The patients were sampled for biomarkers of inflammation—the erythrocyte sedimentation rate (ESR) and the C-reactive protein (CRP) concentration—on the same day that disease activity was assessed.
DAS 28 is an index used for assessing disease activity in patients with RA, recommended by the European Alliance of Associations of Rheumatology (EULAR) [31]. DAS 28 is calculated based on the number of tender joints (TJs) and swollen joints (SJs) out of 28 recommended joints, the patient’s assessment of their health on a visual analog scale (VAS), and the erythrocyte sedimentation rate (ESR). Recommended joints for examination are the shoulder, elbow, wrist, metacarpophalangeal, proximal interphalangeal, and knee joints. The formula for calculating the index is DAS28 = 0.56 × TJ + 0.28 × SJ + 0.7 × ln (ESR) + 0.014 × VAS, but in practice, the DAS28 calculator is used. The index result is in the range of 0.49–9.07 and interpreted as follows: disease remission (for a value of less than 2.6), low disease activity (2.6–3.2), moderate activity (3.2–5.1), and high disease activity (over 5.1) [33].
The CDAI is a clinical index of disease activity and represents a simple sum of the numbers of tender and swollen joints out of a total of 28 joints using a scale for disease assessment completed by the patient and the physician on a VAS (0–10 cm) [33]. The index value is a numeric value ranging from 0 to 76 and is interpreted as follows: disease remission (for a CDAI value less than 2.8), low disease activity (2.8–10), moderate disease activity (10–22), and high disease activity (over 22) [33].
The SDAI is a simplified index used to quickly assess disease activity in patients with RA [34]. It is calculated based on the sum of the numbers of tender and swollen joints out of a total of 28 joints, the completion of the disease assessment scale by the patient and the physician on the VAS (0–10 cm), and the CRP value. The index is a numeric value ranging from 0 to 86 and is interpreted as disease remission (for an SDAI value less than 3.3), low disease activity (3.3–11), moderate disease activity (11–26), and high disease activity (26–86) [34].
The patients’ functional abilities were examined using the Health Assessment Questionnaire (HAQ), which contains 20 questions divided into eight functional categories related to grasping, reaching for objects, dressing, personal care, getting up, feeding, usual daily activities, walking, and personal hygiene [35]. The patients filled out the questionnaire independently, answering questions about the possibility of performing certain functions as follows: 0—no difficulty; 1—with minor difficulties; 2—with major difficulties; and 3—the inability to perform the function.

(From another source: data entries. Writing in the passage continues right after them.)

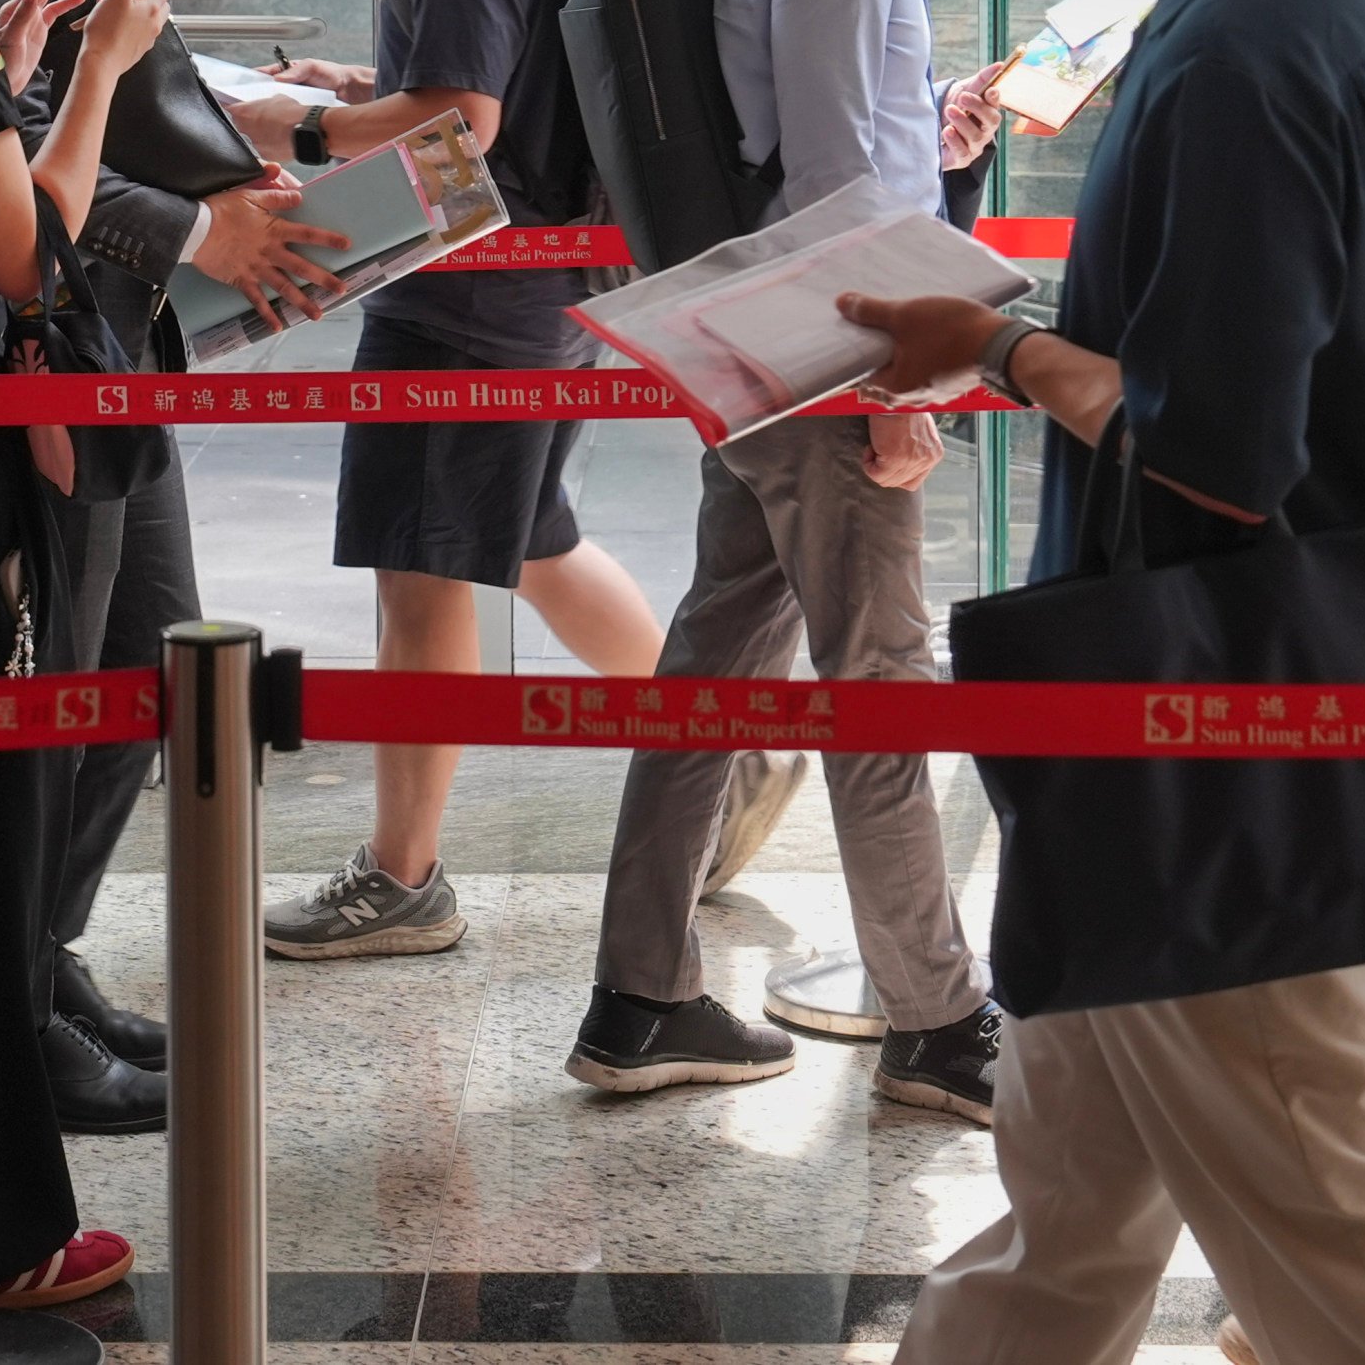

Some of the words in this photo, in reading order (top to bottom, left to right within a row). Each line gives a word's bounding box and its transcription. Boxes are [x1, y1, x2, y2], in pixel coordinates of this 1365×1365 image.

[451, 252, 474, 264] Sun
[477, 251, 508, 264] Hung
[511, 250, 531, 262] Kai
[534, 248, 592, 261] Properties
[406, 383, 459, 409] Sun
[469, 382, 543, 412] Hung
[554, 380, 601, 407] Kai
[577, 716, 623, 734] Sun
[625, 716, 681, 741] Hung
[688, 716, 724, 738] Kai
[730, 717, 834, 743] Properties
[1200, 723, 1242, 745] Sun
[1247, 723, 1304, 751] Hung
[1310, 723, 1347, 745] Kai

The total value is then divided by 20, and the HAQ index, a number with three decimal places, is calculated. The HAQ index has a three-tiered grading system: 0–1, mild impairment of function in daily life; 1–2, moderate-to-severe impairment in all segments; and 2–3, severe impairment and total disability with the need for someone else’s help. The time required to fill out the questionnaire is 10 min [35].
The Beck Depression Inventory—second edition (BDI-II) is a self-assessment measure of depressive symptoms [32]. It contains 21 items that are evaluated on a four-point scale (0–3), with higher values indicating a greater intensity of symptoms. The assessment is made concerning the preceding two weeks. The maximum number of points is 63. Results between 0 and 13 indicate minimal depression, results ranging from 14 to 19 indicate mild depression, those ranging from 20 to 28 indicate moderate depression, and results of 29 and above indicate severe depression. The psychiatrist fills out the questionnaire during the interview with the patient, with the questionnaire taking 10 min [32].
The Hamilton Depression Rating Scale (HAM-D) is one of the earliest-developed and most widely used scales that assesses the severity of depressive symptoms or the severity of a depressive episode [38]. The HAM-D has become a standard in clinical trials of depression. It is performed by a psychiatrist who interviews a patient. This scale consists of 17 items rated from 0 to 4 (0—non-existent; 4—significantly expressed). A sum of less than 7 points means that the patient is not depressed, a range of 8–13 represents mild depression, a sum of points between 14 and 18 indicates moderately severe depression, sums larger than 19 and 22 represent a severe depressive episode, and more than 23 points is a sign of very severe depression. The time required to fill out the questionnaire is 20 min [38].
The RAQoL questionnaire contains 30 questions related to the physical and psychological components of the quality of life of patients with RA [36]. Each question is scored with 1 point for a total of 30. A lower score represents a better quality of life. The patient fills out the questionnaire independently, which takes 10 min [36].
The SF 36 questionnaire (36-item Short Form Survey) is a short health status questionnaire consisting of 36 questions related to mental and physical health and social functioning, and it is frequently used for assessing quality of life [37]. The questions are divided into eight areas of examination. The advantage of this questionnaire is that it can be widely used since it does not refer to a specific age, disease, or population. The result of the test is expressed as a value in the range of 0–100, with low results showing less functionality and a worse health assessment, while high results indicate good health, without pain or functional limitations. The patient fills out the questionnaire independently; the time required to fill out the questionnaire is 20–30 min [37].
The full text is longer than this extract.